### Problem to work on
Your answer must be a word-for-word copy of the listing below, minus its pictures.
■ ■ ■ ■ ■ ■ ■
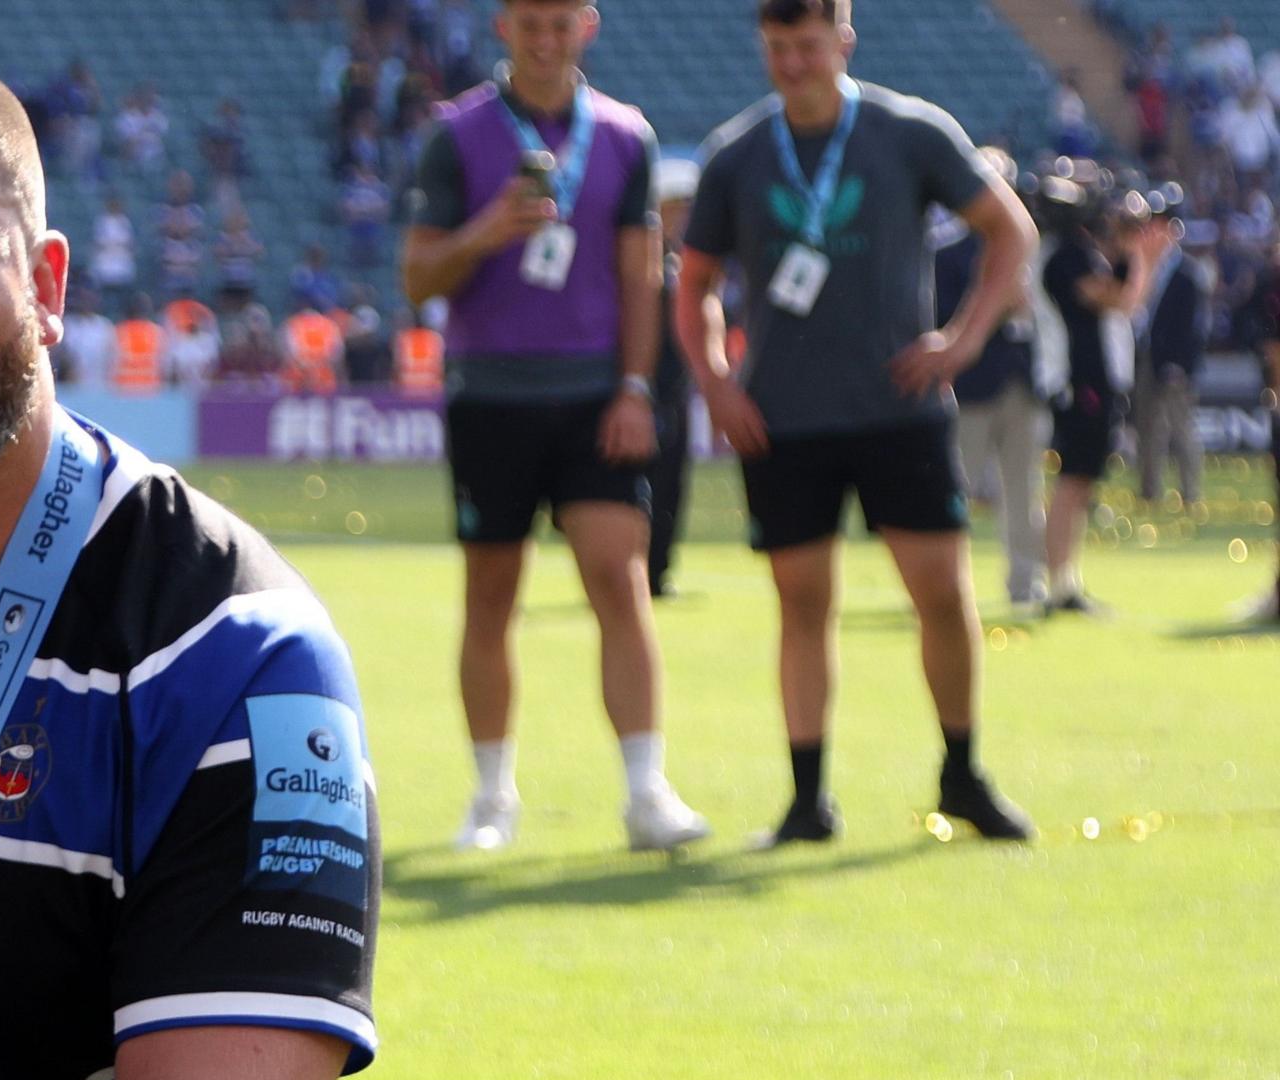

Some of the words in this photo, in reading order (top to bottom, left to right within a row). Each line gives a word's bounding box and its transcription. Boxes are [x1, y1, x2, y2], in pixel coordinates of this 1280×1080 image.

[266, 767, 364, 809] Gallagher
[259, 855, 324, 875] RUGBY
[262, 835, 364, 870] PREMIERSHIP
[242, 911, 285, 927] RUGBY
[288, 914, 337, 935] AGAINST
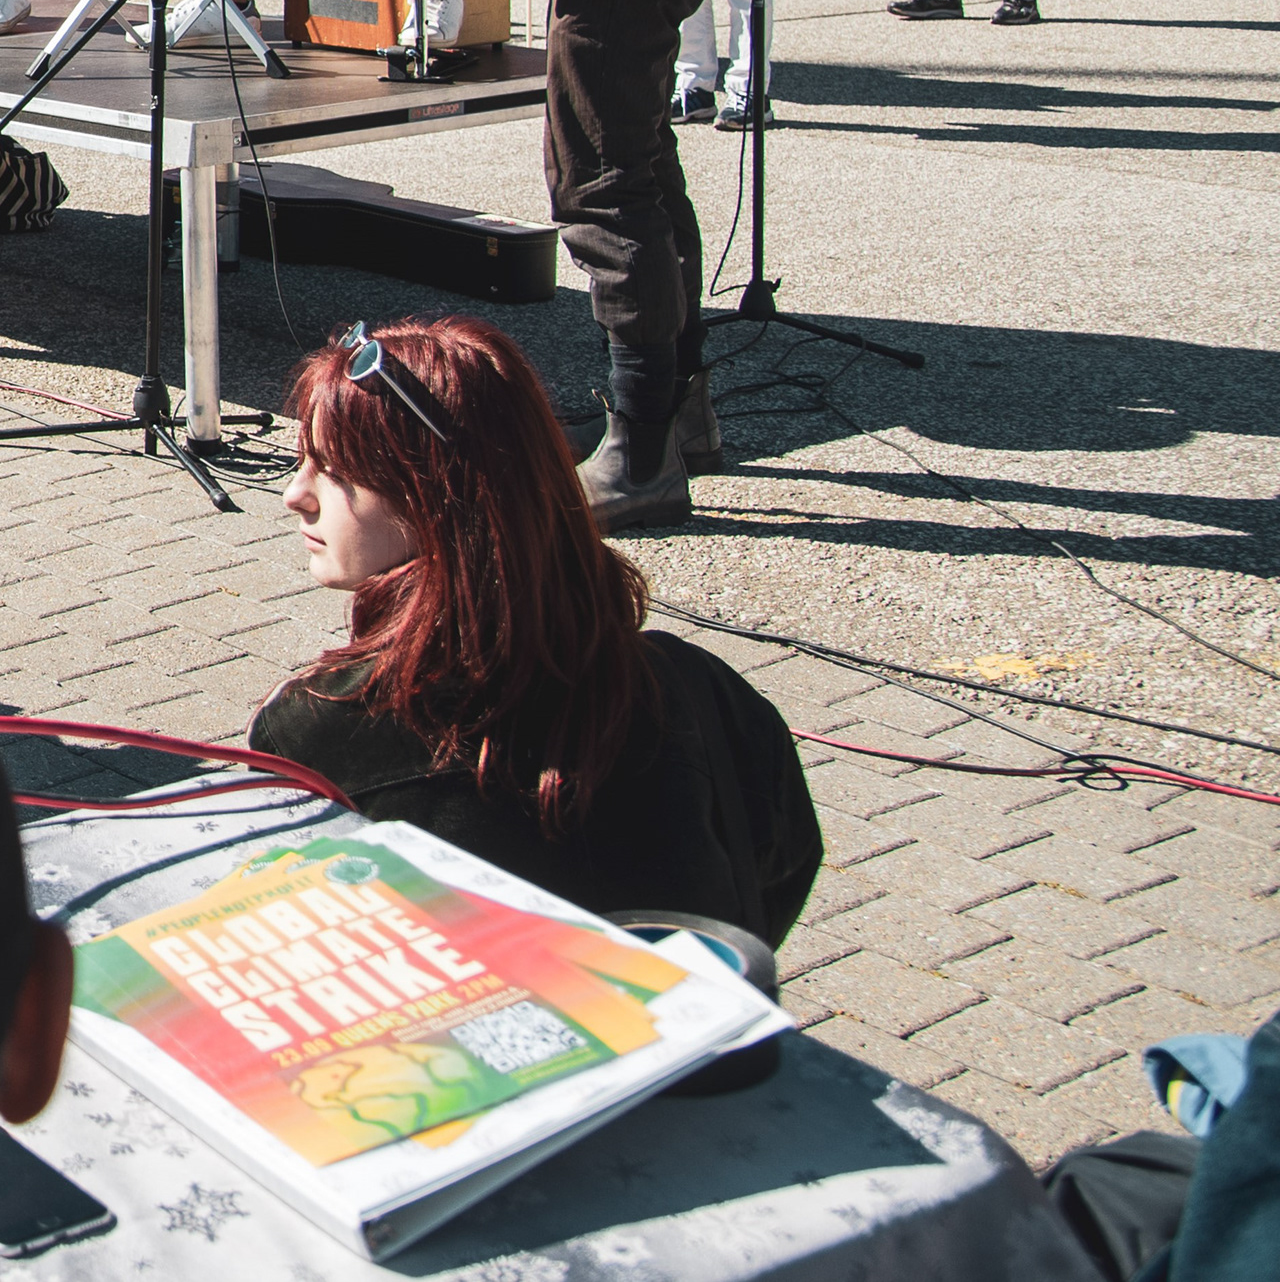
■ ■ ■ ■ ■ ■ ■
### Task solution
Some of the words in this photo, in reading order (top to bottom, left to right within a row). Each line gives a word's bounding box and its transcription. Boxes are [x1, y1, x2, y2], in pixel coordinates of this 1280×1080 image.

[266, 767, 364, 809] Gallagher
[259, 855, 324, 875] RUGBY
[262, 835, 364, 870] PREMIERSHIP
[242, 911, 285, 927] RUGBY
[288, 914, 337, 935] AGAINST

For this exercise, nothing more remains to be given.